Data excerpts:
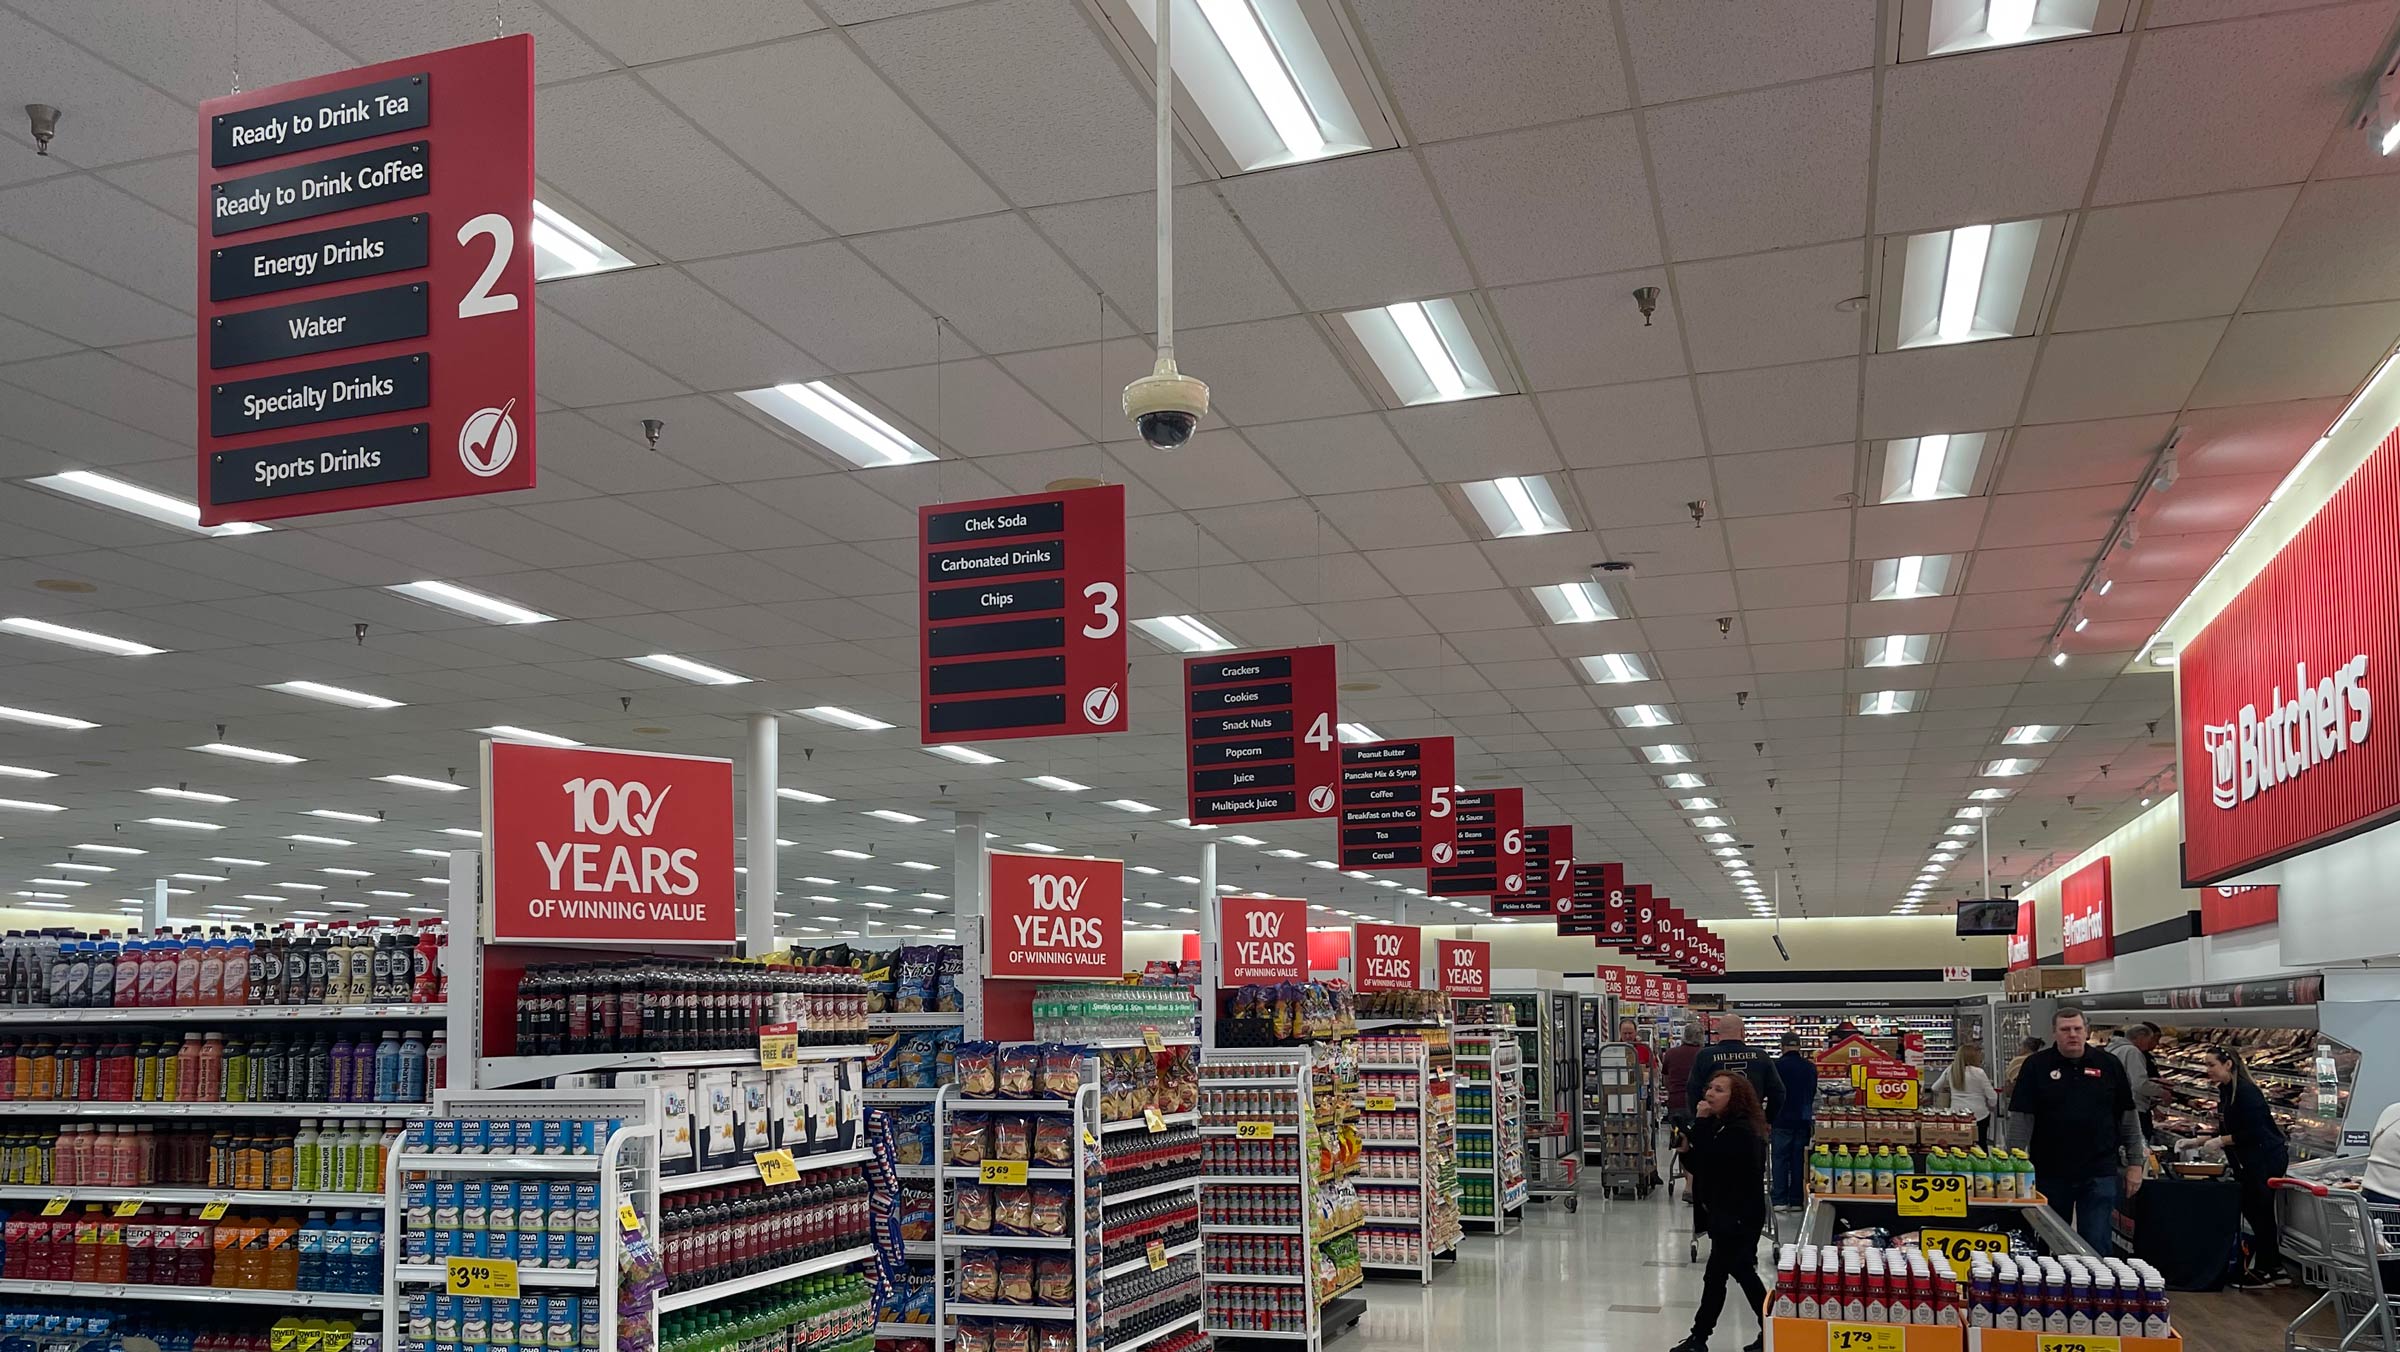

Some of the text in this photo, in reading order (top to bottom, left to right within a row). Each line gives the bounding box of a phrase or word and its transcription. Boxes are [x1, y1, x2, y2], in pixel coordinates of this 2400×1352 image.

[232, 94, 409, 147] Ready to Drink Tea
[216, 160, 424, 218] Ready to Drink Coffee
[253, 238, 384, 278] Energy Drinks
[457, 213, 519, 319] 2
[289, 315, 347, 340] Water
[243, 376, 394, 417] Specialty Drinks
[254, 449, 381, 485] Sports Drinks
[965, 514, 1028, 533] Chek Soda
[941, 549, 1051, 573] Carbonated Drinks
[980, 592, 1014, 607] Chips
[1082, 582, 1120, 639] 3
[1222, 665, 1260, 677] Crackers
[1223, 691, 1259, 703] Cookies
[1222, 717, 1272, 730] Snack Nuts
[2239, 654, 2372, 802] Butchers
[1304, 712, 1333, 751] 4
[1225, 746, 1262, 759] Popcorn
[1233, 771, 1255, 783] Juice
[1345, 771, 1373, 780] Pancake
[1374, 770, 1387, 778] Mix
[1396, 769, 1417, 778] Syrup
[562, 778, 653, 837] 100
[1212, 797, 1278, 812] Multipack Juice
[1430, 787, 1451, 818] 5
[1347, 812, 1380, 820] Breakfast
[1392, 810, 1404, 818] the
[1503, 829, 1522, 854] 6
[1372, 851, 1394, 859] Cereal
[536, 841, 699, 896] YEARS
[1554, 860, 1570, 881] 7
[1027, 874, 1078, 911] 100
[1610, 890, 1623, 908] 8
[529, 899, 707, 921] OF WINNING VALUE
[1640, 908, 1652, 923] 9
[1013, 915, 1104, 949] YEARS
[1245, 911, 1278, 938] 100
[1657, 919, 1671, 933] 10
[1672, 928, 1685, 940] 11
[1374, 934, 1399, 956] 100
[1687, 936, 1698, 948] 12
[1698, 943, 1708, 954] 13
[1009, 951, 1107, 965] OF WINNING VALUE
[1236, 941, 1295, 965] YEARS
[1453, 949, 1473, 967] 100
[1708, 948, 1717, 958] 14
[1717, 953, 1725, 962] 15
[353, 959, 367, 967] CORE
[1366, 958, 1411, 978] YEARS
[1234, 968, 1298, 978] OF WINNING VALUE
[1447, 968, 1482, 985] YEARS
[1605, 970, 1617, 981] 100
[1625, 975, 1637, 985] 100
[327, 984, 338, 994] 26
[353, 984, 365, 994] 26
[1364, 978, 1412, 988] OF WINNING VALUE
[1713, 1052, 1758, 1062] HILFIGER
[1875, 1083, 1909, 1094] BOGO
[127, 1230, 151, 1238] ZERO
[325, 1332, 351, 1340] POWER
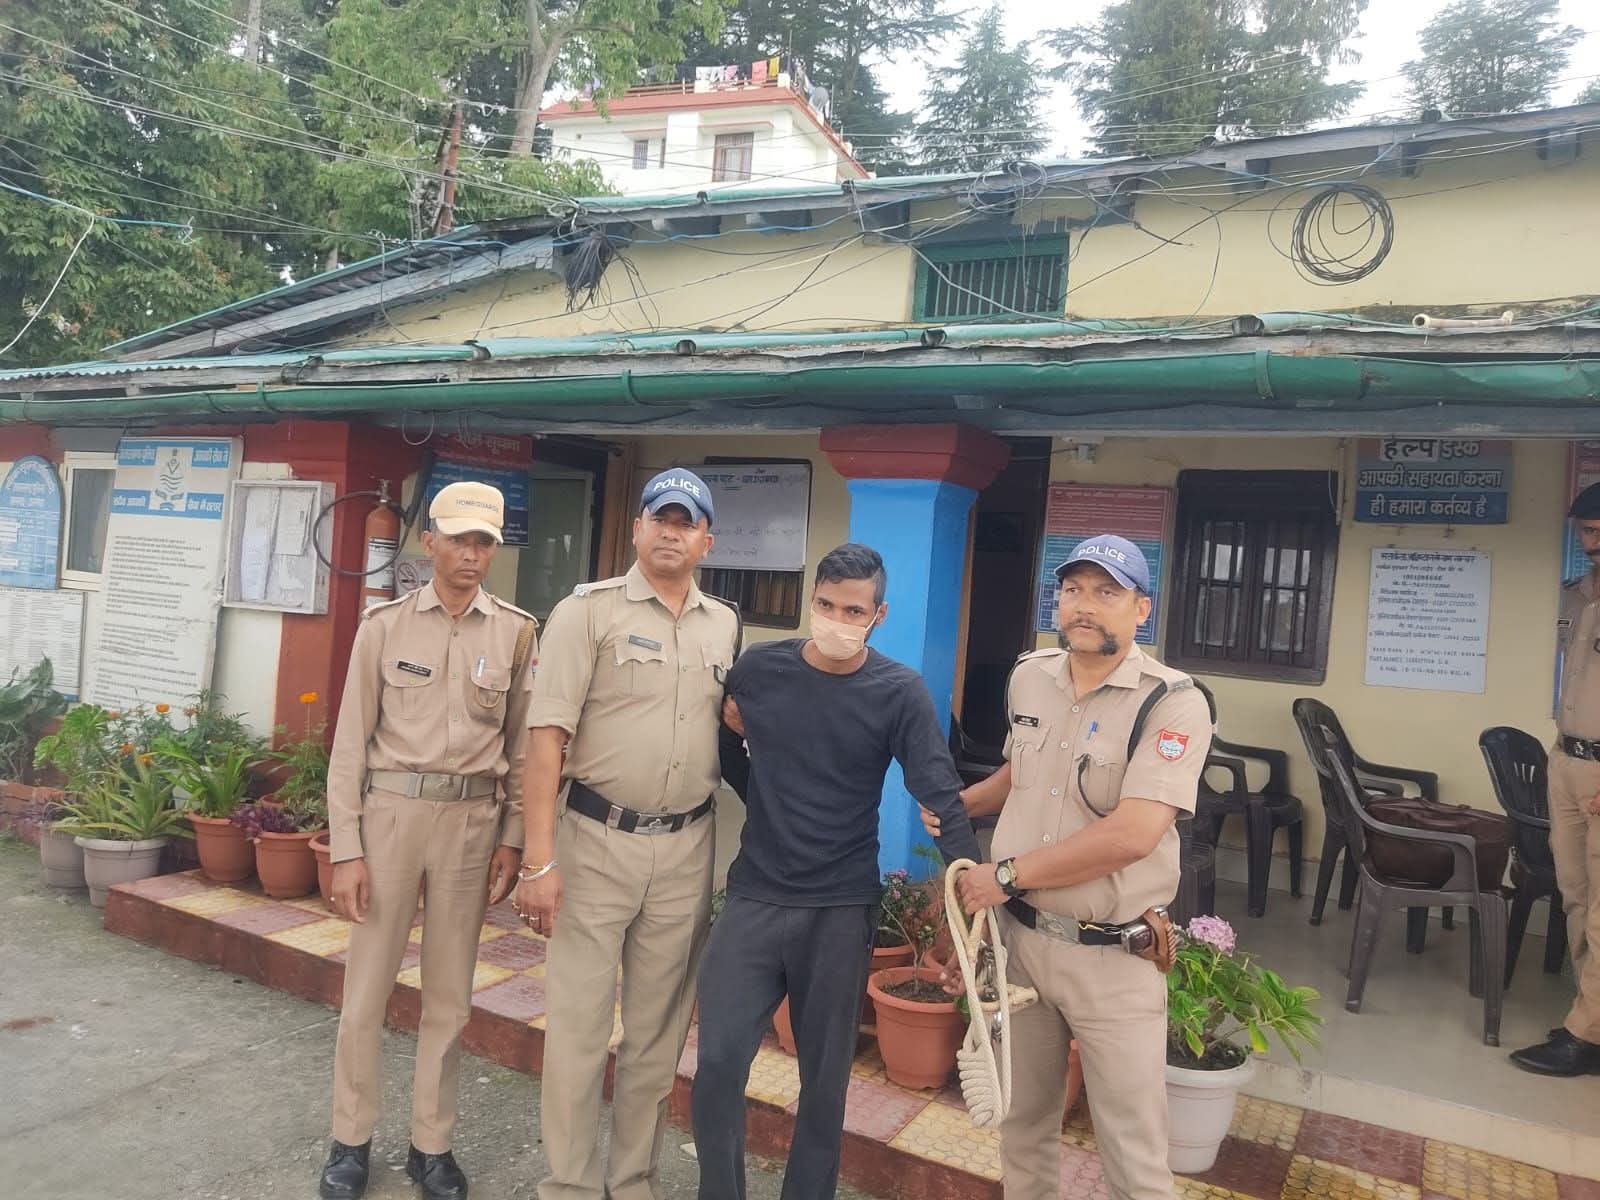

Task goal >> From the entries above, copy every line containing the word "YEARS".

Answer to this problem >>
[536, 841, 699, 896] YEARS
[1013, 915, 1104, 949] YEARS
[1236, 941, 1295, 965] YEARS
[1366, 958, 1411, 978] YEARS
[1447, 968, 1482, 985] YEARS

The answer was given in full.